[[ MATERIALS PROVIDED, beginning ]]
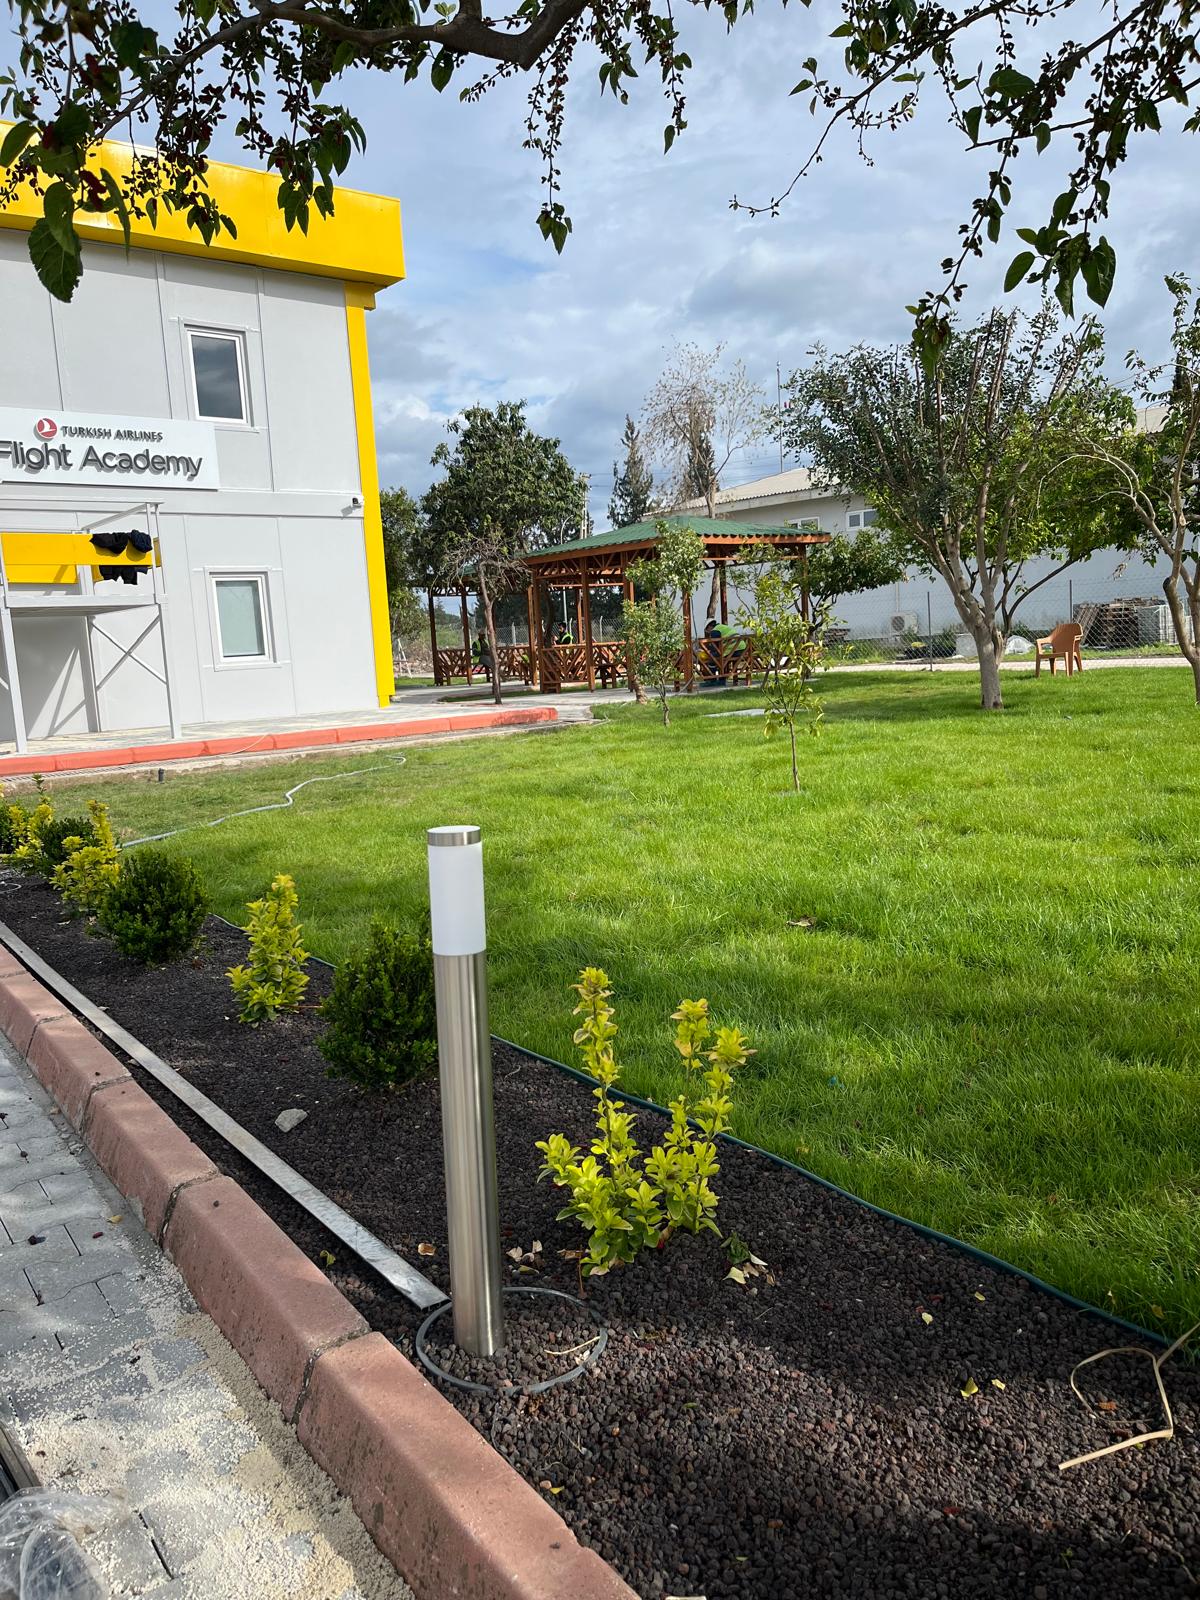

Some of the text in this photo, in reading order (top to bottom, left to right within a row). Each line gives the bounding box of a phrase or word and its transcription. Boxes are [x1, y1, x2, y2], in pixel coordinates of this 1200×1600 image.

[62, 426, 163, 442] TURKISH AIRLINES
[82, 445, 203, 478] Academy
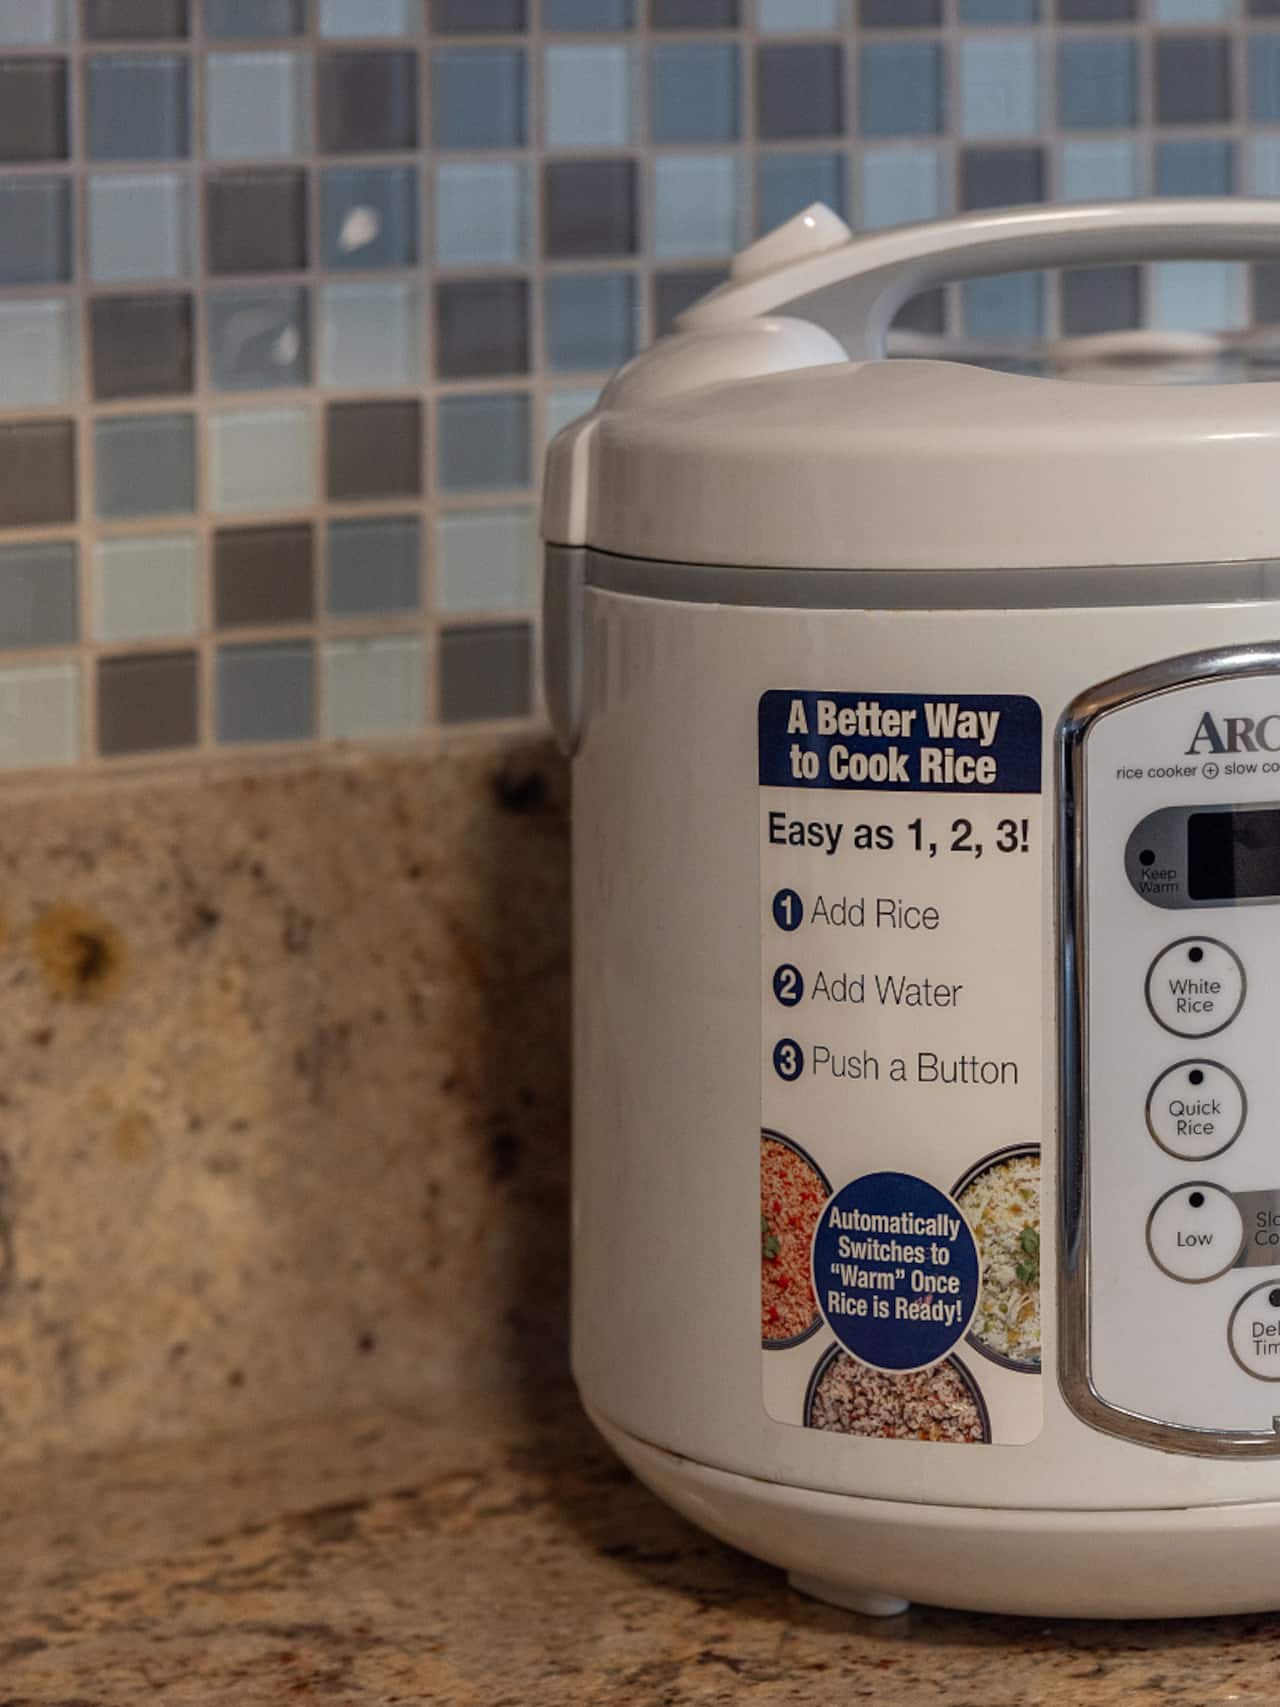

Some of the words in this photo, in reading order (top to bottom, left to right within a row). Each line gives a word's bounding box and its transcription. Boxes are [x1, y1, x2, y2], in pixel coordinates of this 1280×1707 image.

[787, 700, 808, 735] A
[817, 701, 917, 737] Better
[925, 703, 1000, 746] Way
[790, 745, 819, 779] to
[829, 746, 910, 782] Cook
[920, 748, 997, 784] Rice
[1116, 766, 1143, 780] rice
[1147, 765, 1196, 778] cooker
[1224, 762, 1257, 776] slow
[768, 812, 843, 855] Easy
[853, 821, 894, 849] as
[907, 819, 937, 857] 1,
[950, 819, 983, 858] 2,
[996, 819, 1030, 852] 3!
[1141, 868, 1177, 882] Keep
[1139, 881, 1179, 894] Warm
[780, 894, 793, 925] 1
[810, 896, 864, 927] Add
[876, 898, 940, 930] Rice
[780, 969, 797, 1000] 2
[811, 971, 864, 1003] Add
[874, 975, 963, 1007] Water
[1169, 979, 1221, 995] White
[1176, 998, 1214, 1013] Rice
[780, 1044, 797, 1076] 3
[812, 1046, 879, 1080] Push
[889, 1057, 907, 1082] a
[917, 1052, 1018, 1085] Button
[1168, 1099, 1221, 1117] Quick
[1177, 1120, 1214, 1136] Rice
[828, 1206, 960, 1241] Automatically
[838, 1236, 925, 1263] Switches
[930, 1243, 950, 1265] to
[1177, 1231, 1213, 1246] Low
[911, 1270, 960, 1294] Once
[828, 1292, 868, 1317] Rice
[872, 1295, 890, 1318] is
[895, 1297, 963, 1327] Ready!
[[ MATERIALS PROVIDED, end ]]
- PROBLEM REQUIREMENTS -
Retype all of the data above word for word, excluding the pictures.

- EXPECTED OUTPUT -
Some of the text in this photo, in reading order (top to bottom, left to right within a row). Each line gives the bounding box of a phrase or word and its transcription. Boxes are [x1, y1, x2, y2], in pixel coordinates of this 1200×1600 image.

[62, 426, 163, 442] TURKISH AIRLINES
[82, 445, 203, 478] Academy

Some of the words in this photo, in reading order (top to bottom, left to right within a row). Each line gives a word's bounding box and its transcription. Boxes are [x1, y1, x2, y2], in pixel coordinates of this 1280×1707 image.

[787, 700, 808, 735] A
[817, 701, 917, 737] Better
[925, 703, 1000, 746] Way
[790, 745, 819, 779] to
[829, 746, 910, 782] Cook
[920, 748, 997, 784] Rice
[1116, 766, 1143, 780] rice
[1147, 765, 1196, 778] cooker
[1224, 762, 1257, 776] slow
[768, 812, 843, 855] Easy
[853, 821, 894, 849] as
[907, 819, 937, 857] 1,
[950, 819, 983, 858] 2,
[996, 819, 1030, 852] 3!
[1141, 868, 1177, 882] Keep
[1139, 881, 1179, 894] Warm
[780, 894, 793, 925] 1
[810, 896, 864, 927] Add
[876, 898, 940, 930] Rice
[780, 969, 797, 1000] 2
[811, 971, 864, 1003] Add
[874, 975, 963, 1007] Water
[1169, 979, 1221, 995] White
[1176, 998, 1214, 1013] Rice
[780, 1044, 797, 1076] 3
[812, 1046, 879, 1080] Push
[889, 1057, 907, 1082] a
[917, 1052, 1018, 1085] Button
[1168, 1099, 1221, 1117] Quick
[1177, 1120, 1214, 1136] Rice
[828, 1206, 960, 1241] Automatically
[838, 1236, 925, 1263] Switches
[930, 1243, 950, 1265] to
[1177, 1231, 1213, 1246] Low
[911, 1270, 960, 1294] Once
[828, 1292, 868, 1317] Rice
[872, 1295, 890, 1318] is
[895, 1297, 963, 1327] Ready!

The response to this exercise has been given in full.